What you have to do —
The result should be an exact copy of the entries that follow, with no pictures included.

- Opening Delimiter -

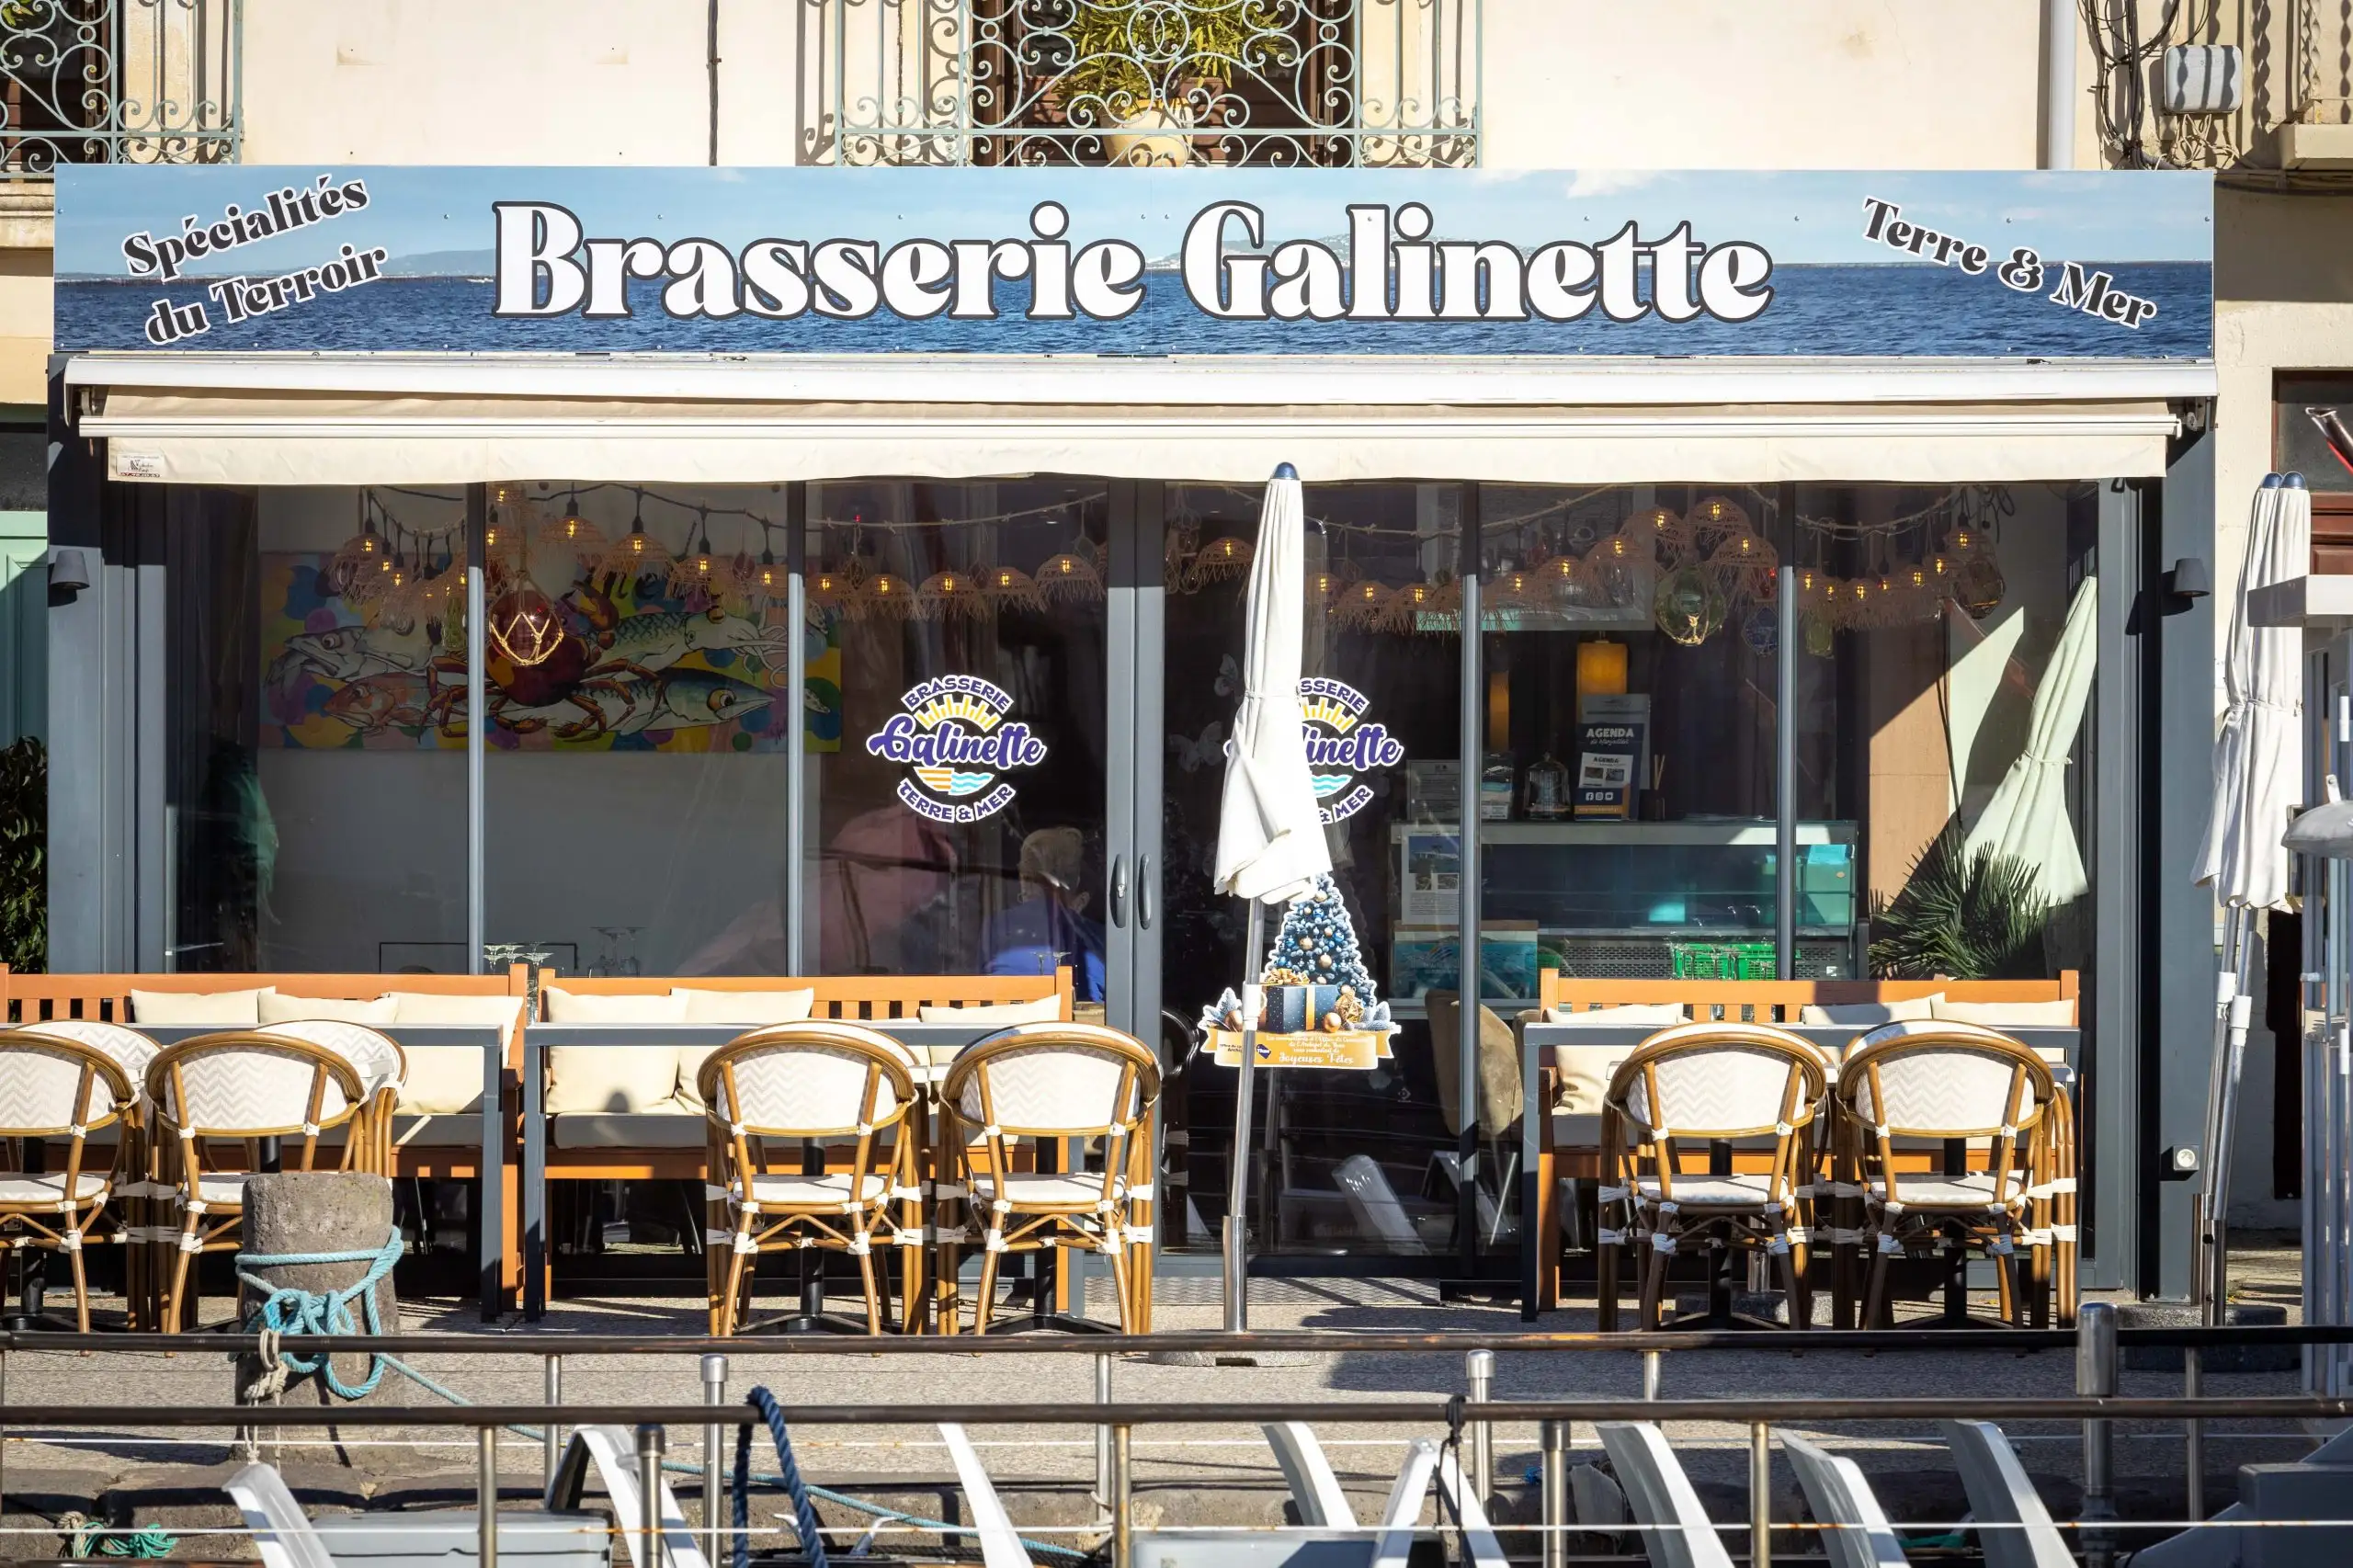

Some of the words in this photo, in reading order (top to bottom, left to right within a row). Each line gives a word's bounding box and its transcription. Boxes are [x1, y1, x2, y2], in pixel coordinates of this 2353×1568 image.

[122, 176, 369, 279] Spécialités
[492, 200, 1146, 320] Brasserie
[1181, 200, 1774, 323] Galinette
[1864, 197, 1988, 273] Terre
[1999, 248, 2043, 290] &
[2052, 263, 2155, 326] Mer
[147, 301, 209, 343] du
[210, 244, 387, 322] Terroir
[904, 676, 1011, 711] BRASSERIE
[1300, 679, 1367, 712] SSERIE
[868, 714, 1046, 768] Galinette
[1586, 728, 1634, 737] AGENDA
[899, 780, 953, 821] TERRE
[958, 807, 972, 820] &
[976, 785, 1014, 819] MER
[1334, 787, 1371, 819] MER
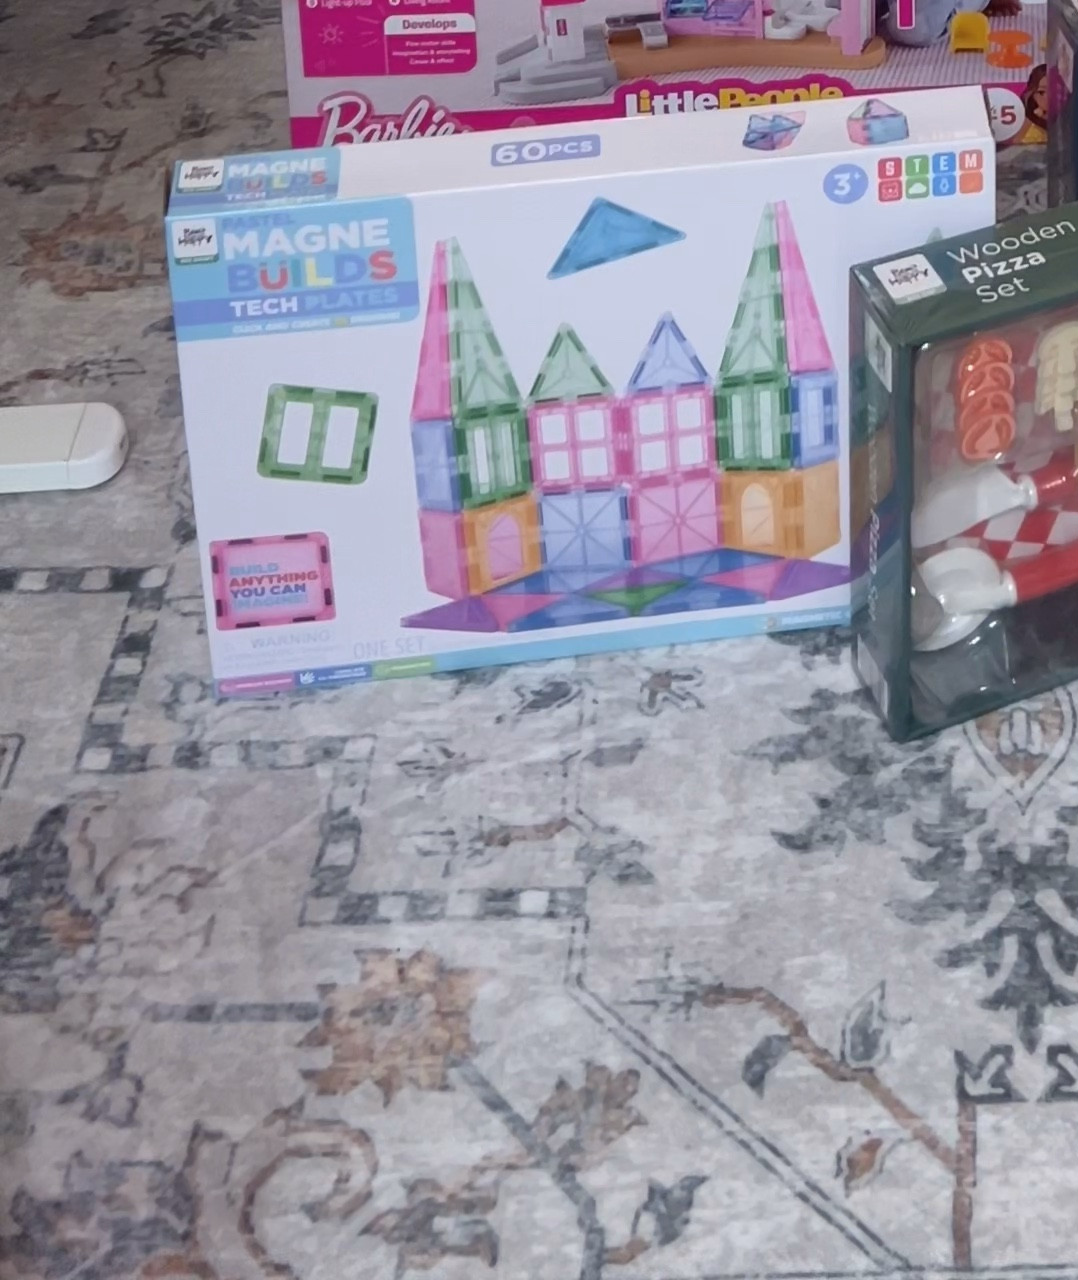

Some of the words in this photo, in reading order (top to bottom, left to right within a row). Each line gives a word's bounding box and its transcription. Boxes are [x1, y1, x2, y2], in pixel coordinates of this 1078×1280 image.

[403, 18, 457, 31] Develops
[228, 157, 327, 179] MAGNE
[226, 191, 266, 202] TECH
[223, 217, 391, 261] MAGNE
[946, 220, 1076, 265] Wooden
[227, 249, 398, 293] BUILDS
[961, 251, 1047, 284] Pizza
[976, 277, 1031, 303] Set
[229, 296, 298, 318] TECH
[305, 288, 399, 311] PLATES
[229, 571, 319, 588] ANYTHING
[230, 587, 266, 599] YOU
[270, 583, 306, 595] CAN
[353, 641, 389, 660] ONE
[396, 636, 426, 655] SET
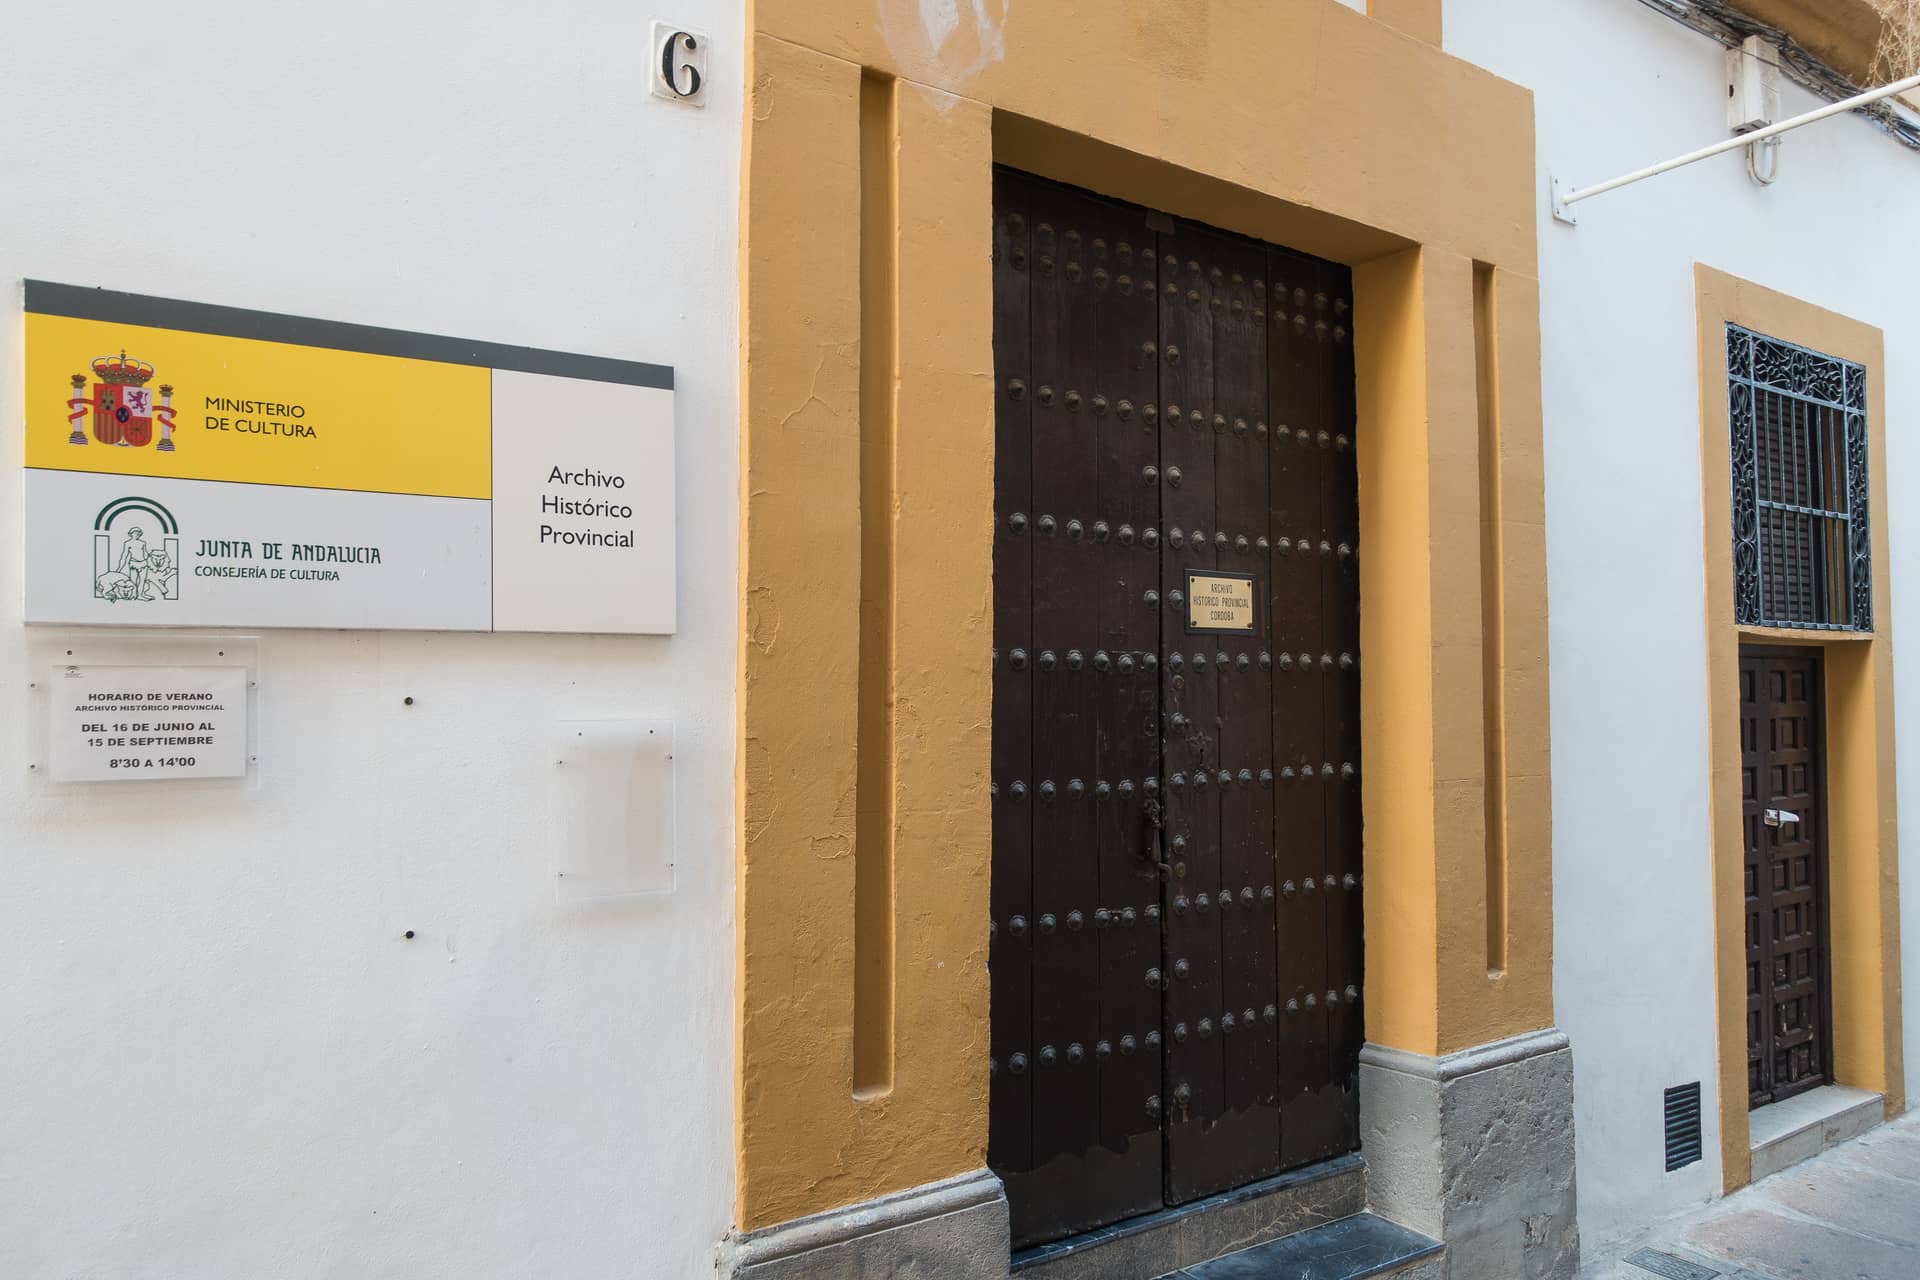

- Closing Delimiter -

Solution to this task —
Some of the words in this photo, in reading order (top to bottom, left to right within a row). Each line gives a word's bounding box and its transcription. Boxes are [x1, y1, x2, y2], in pixel coordinates of this 2353×1568 image.

[122, 176, 369, 279] Spécialités
[492, 200, 1146, 320] Brasserie
[1181, 200, 1774, 323] Galinette
[1864, 197, 1988, 273] Terre
[1999, 248, 2043, 290] &
[2052, 263, 2155, 326] Mer
[147, 301, 209, 343] du
[210, 244, 387, 322] Terroir
[904, 676, 1011, 711] BRASSERIE
[1300, 679, 1367, 712] SSERIE
[868, 714, 1046, 768] Galinette
[1586, 728, 1634, 737] AGENDA
[899, 780, 953, 821] TERRE
[958, 807, 972, 820] &
[976, 785, 1014, 819] MER
[1334, 787, 1371, 819] MER

Some of the words in this photo, in reading order (top to bottom, left to right within a row). Each line gives a word's bounding box and its transcription. Boxes are [x1, y1, x2, y2], in pixel coordinates of this 1078×1280 image.

[403, 18, 457, 31] Develops
[228, 157, 327, 179] MAGNE
[226, 191, 266, 202] TECH
[223, 217, 391, 261] MAGNE
[946, 220, 1076, 265] Wooden
[227, 249, 398, 293] BUILDS
[961, 251, 1047, 284] Pizza
[976, 277, 1031, 303] Set
[229, 296, 298, 318] TECH
[305, 288, 399, 311] PLATES
[229, 571, 319, 588] ANYTHING
[230, 587, 266, 599] YOU
[270, 583, 306, 595] CAN
[353, 641, 389, 660] ONE
[396, 636, 426, 655] SET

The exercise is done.